Lead of a Ball Screw refers to the distance that the nut travels along the screw's axis for each full rotation of the screw.

Lead accuracy is measured as the allowable travel variation (actual position versus theoretical position) per foot (imperial ball screws) or per 300 mm (metric ball screws).

Ball screws are available in two tolerance levels: transport (T-Grade) and positioning (P-Grade.)

T -Grade is the lower grade, typically with an accuracy of ±50 µm/300 mm or higher. Designers primarily use it for applications that require simply translating a load from one point to another.

When applications require the absolute position of the load at every point along its travel without the use of external feedback components, the higher-precision P grade is often specified, typically offering an accuracy of ±23 µm/300 mm or lower.

Repeatability measures the system's ability to return to a specified position during operation.

The factor that influences repeatability is the free play between the nut and the screw, known as "backlash," which can be measured axially or radially.

The backlash of a ball screw is largely dependent on the diameter of the ball bearings.

To measure axial backlash, ensure the screw is stationary, then push and pull the ball nut axially while measuring its movement with a dial indicator.

Alternatively, place a dial indicator on the ball nut in the system, advance it 1 inch, and then return it to its original position. The deviation from zero is the backlash.

Repeatability is a quantified measure of this deviation, and ball screws are known for their low backlash and excellent repeatability.

Preload nuts can control backlash.

When using cross-lead preload, the lead is offset within the ball nut to provide a precise preload force.

This type of preload is often used in applications requiring both repeatability and high stiffness.

Dual-nut adjustable preload uses a compression spring to axially load the two ball nuts against each other. It is typically used in positioning applications where repeatability is critical.

Without preload, there is axial play between the screw and nut, typically 0.002 to 0.008 inches (0.06 to 0.2 mm), depending on size.

Preload is not typically used in transportation or vertical applications. Unpreloaded ball nuts have internal play between components, which means backlash.

Preloaded ball nuts, on the other hand, have no axial play, eliminating backlash and increasing stiffness.

Preload also increases the torque required to rotate the screw, measured as a percentage of the preload to the dynamic capacity.

A ball nut with a dynamic capacity of 1500 lbs and a preload rating of 10% has an internal preload of 150 lbs.

Precision threaded ball screws are typically used without preload.
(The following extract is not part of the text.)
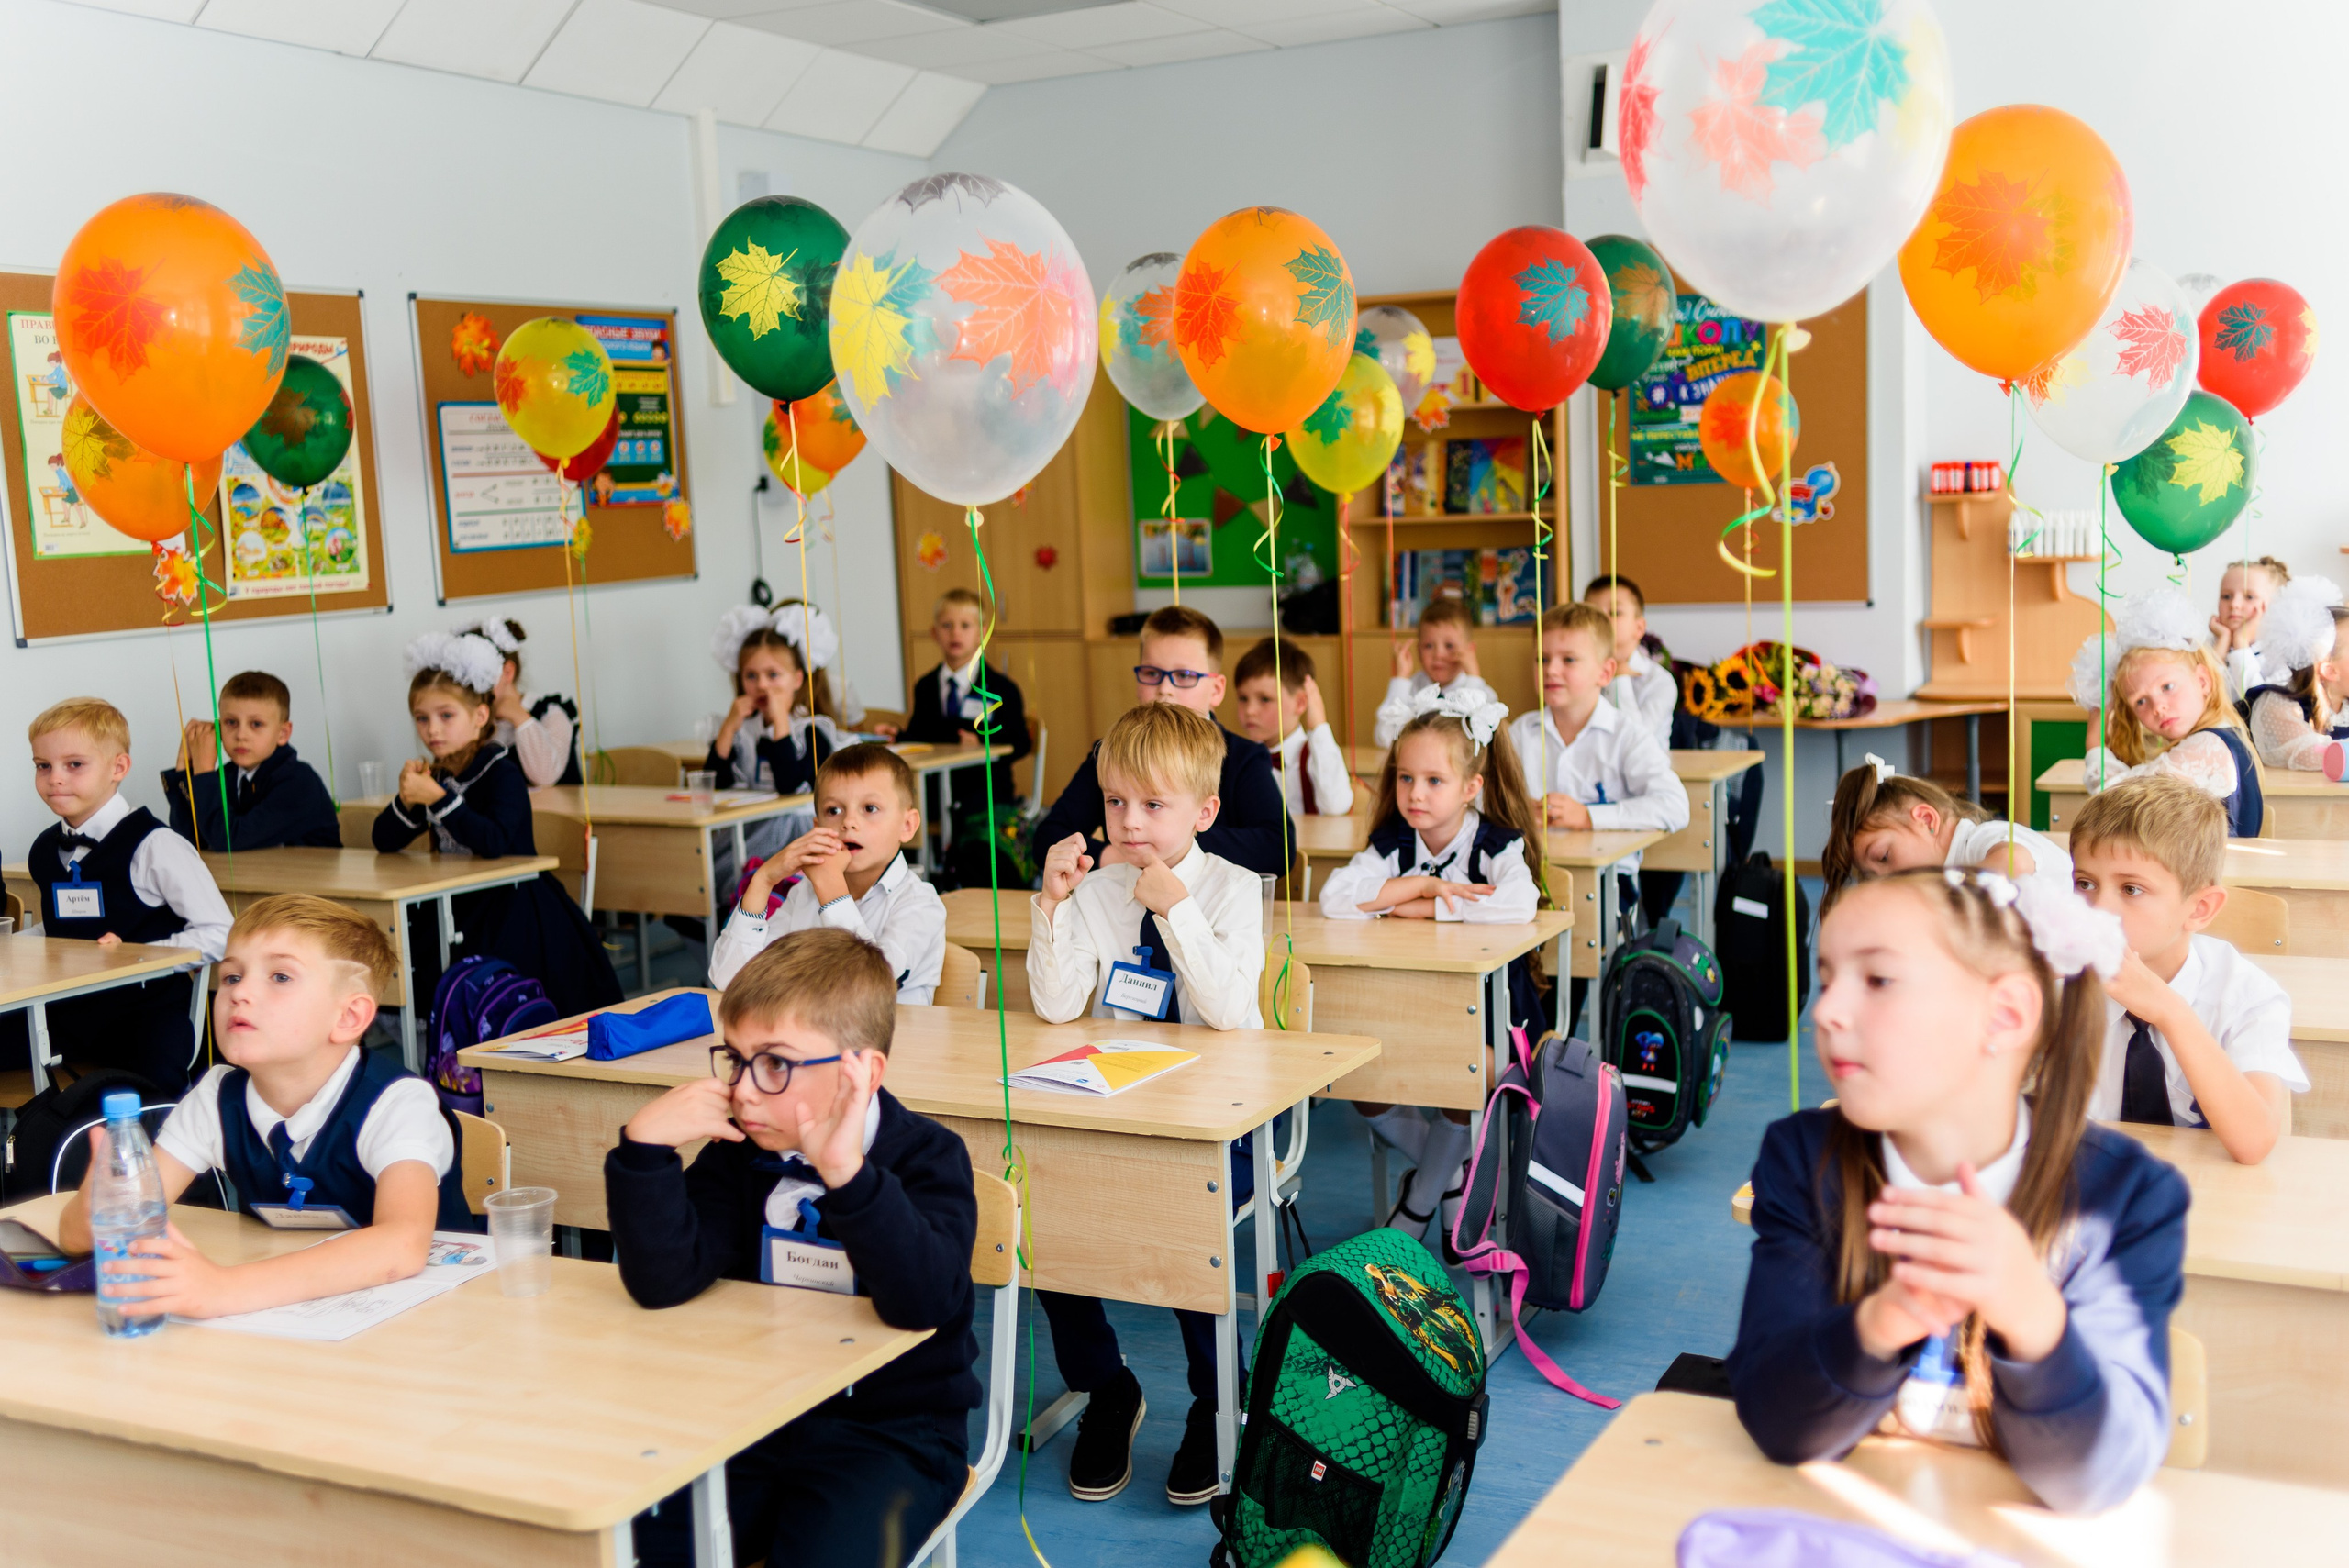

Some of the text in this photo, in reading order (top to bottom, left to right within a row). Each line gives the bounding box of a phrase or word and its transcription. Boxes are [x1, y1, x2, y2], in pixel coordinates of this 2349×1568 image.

While preloaded ball screws can improve repeatability by eliminating backlash, they do not compromise accuracy.

Some precision screws are available with optional preloaded ball nuts.

Due to the complexity and additional machining, assembly, verification, and measurement, these costs are higher than non-preloaded nuts.
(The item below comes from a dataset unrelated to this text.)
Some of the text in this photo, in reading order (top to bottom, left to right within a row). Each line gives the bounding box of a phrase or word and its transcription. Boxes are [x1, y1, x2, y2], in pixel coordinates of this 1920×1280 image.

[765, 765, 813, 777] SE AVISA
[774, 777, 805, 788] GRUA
Ball screw assemblies can be preloaded with either a double nut or a single nut configuration.

There are three main types of preload:

single nut with oversized balls (4-point contact), single nut with skipped lead (2-point contact), and double nut (2-point contact).

Whether the screw is spun or ground also affects repeatability.

Rolled ball screws with standard preload are available with static loads up to 400 kN and dynamic loads up to 130 kN, lengths up to 8 m, diameters up to 80 mm, and accuracy grades up to P3.

Larger sizes and higher precision applications typically require spun or ground screw shafts.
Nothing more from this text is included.